I shook my head. “Nobody. Didn’t the teenagers here tell you?”
He shook his head. “I hid from them. A large group of us came here. But the dogs were… they left. They took one of them, a girl. I stayed behind. The other teenagers left soon after.”
“Do you know what happened?”
“No. I saw one girl walk away down the road there. She held her throat and cried.”
Silence for a few moments. A spindle of drool fell from Maggie’s jowl, her eyes fixed on our food.
“We’ve tried with the radio, we’ve driven through the city, I drove out here from Austin and saw nothing, we’ve—”
His brave face crumbled, his eyes filled with tears which spilled over his lids and rolled down to his chin where the drops collected weight and gravity.
He burst out in a cry, a single loud one that echoed in the great room. I got upset too. I sniffled and swallowed it back, cleared my throat. I gave him a moment. His head hung and his emotion now so overwhelmed him that he went silent and he looked at me with his mouth open in that hideous pained way people do when their throats can’t even manage noise.

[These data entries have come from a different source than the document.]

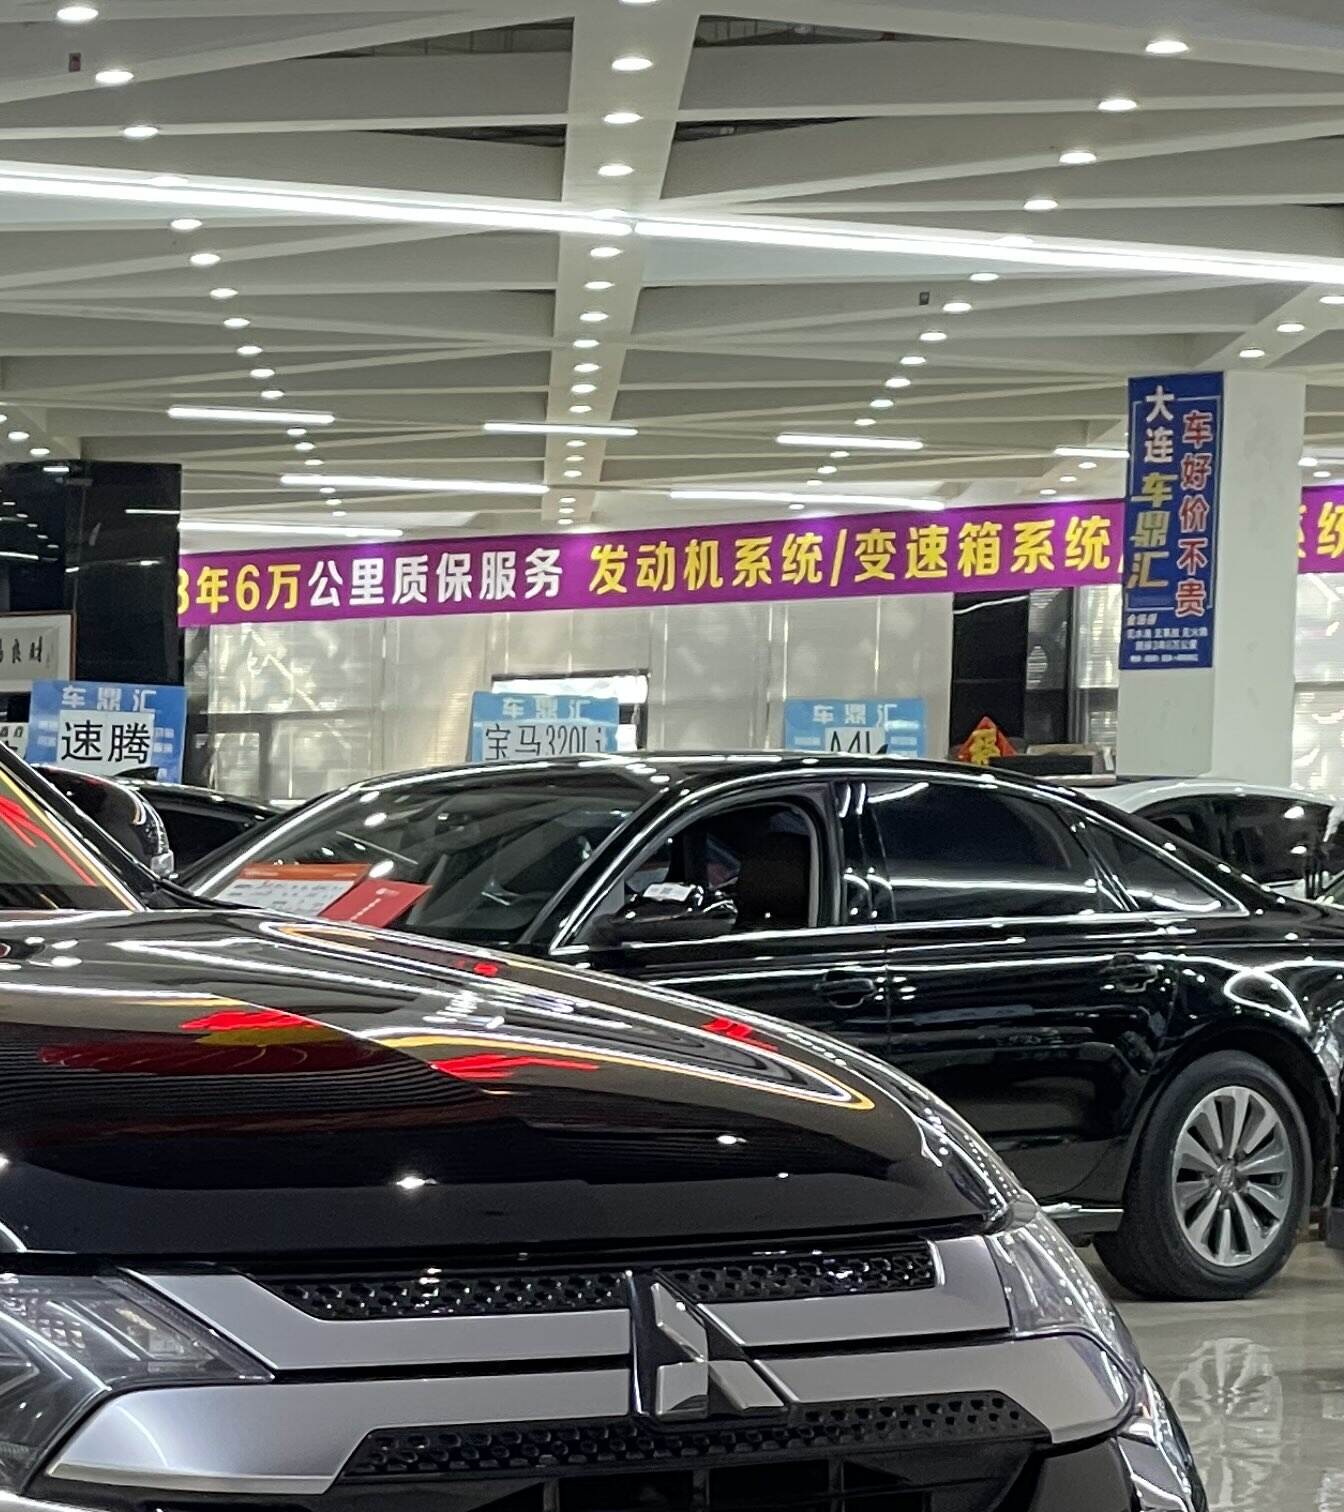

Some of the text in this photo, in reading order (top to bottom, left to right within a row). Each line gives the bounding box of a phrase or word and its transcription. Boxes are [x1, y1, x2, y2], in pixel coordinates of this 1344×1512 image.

[1126, 385, 1178, 589] 大连车鼎汇
[1174, 409, 1213, 618] 车好价不贵
[588, 514, 1124, 596] 发动机系统/变速箱系统
[61, 686, 158, 713] 车鼎汇
[61, 719, 152, 765] 速腾

I don’t think he had understood until just that moment. It had taken my presence to draw it out. Whatever happened to him, all of them, that morning, I don’t believe allowed for understanding or pain or loss.
But here we were, these in-betweeners… falling through the fissure between the old and new world, feeling it all.

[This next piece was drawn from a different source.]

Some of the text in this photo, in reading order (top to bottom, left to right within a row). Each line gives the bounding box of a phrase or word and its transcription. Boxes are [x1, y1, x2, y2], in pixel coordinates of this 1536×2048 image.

Nate sat in his chair and sobbed. Maggie waddled over, sensing the boy’s fear of her had slackened, and licked the hand he’d let fall to his side when he put his head down on the table. He let her. She wagged her tail. He turned his head to the side, laying his cheek on the table. Then he raised his licked hand and pet her head, and she let him.
One down , my head said.
Maybe I’m the warmth that breaks their ice. Maybe they all just need a good cry, to remember, to have a dog lick their hands again. The clarity of it struck me then. It made sense: they didn’t want to remember. It hurt too much. Their heads literally hurt. They didn’t want to remember and whenever we older ones were around, it made them hurt, made them start to remember. Mommies, Daddies. Home.
The pain was too much, and they fought against it not knowing why. Of course. This is why they stayed away and threw rocks. Pure reaction to stimulus.
My job, I thought then, was to let them feel their pain, to remember. So that then we can all come together and rebuild.
I float along now, and as if they agree with my thoughts, ratifying them, they sing to me, but not in words.
Maggie licking Nate’s hand was the first time I’d had any real hope since hearing those sounds the morning of.
My wonder grows more profound now as I get closer to the coast. I’ve plotted my course on a folded paper map I’ve sheathed in a Ziploc. This river, the flooded Colorado, has taken me through the south of Texas and now wants to deposit me at Matagorda Bay. It’s up ahead, maybe another day’s travel. I hope the travel remains smooth so I can keep telling you this story of my experiences during these first days. Once I get there, I’m not sure I’ll be doing any more talking because I think I’m going to be very busy. From what Nate told me, which I’m getting to, I know I will be.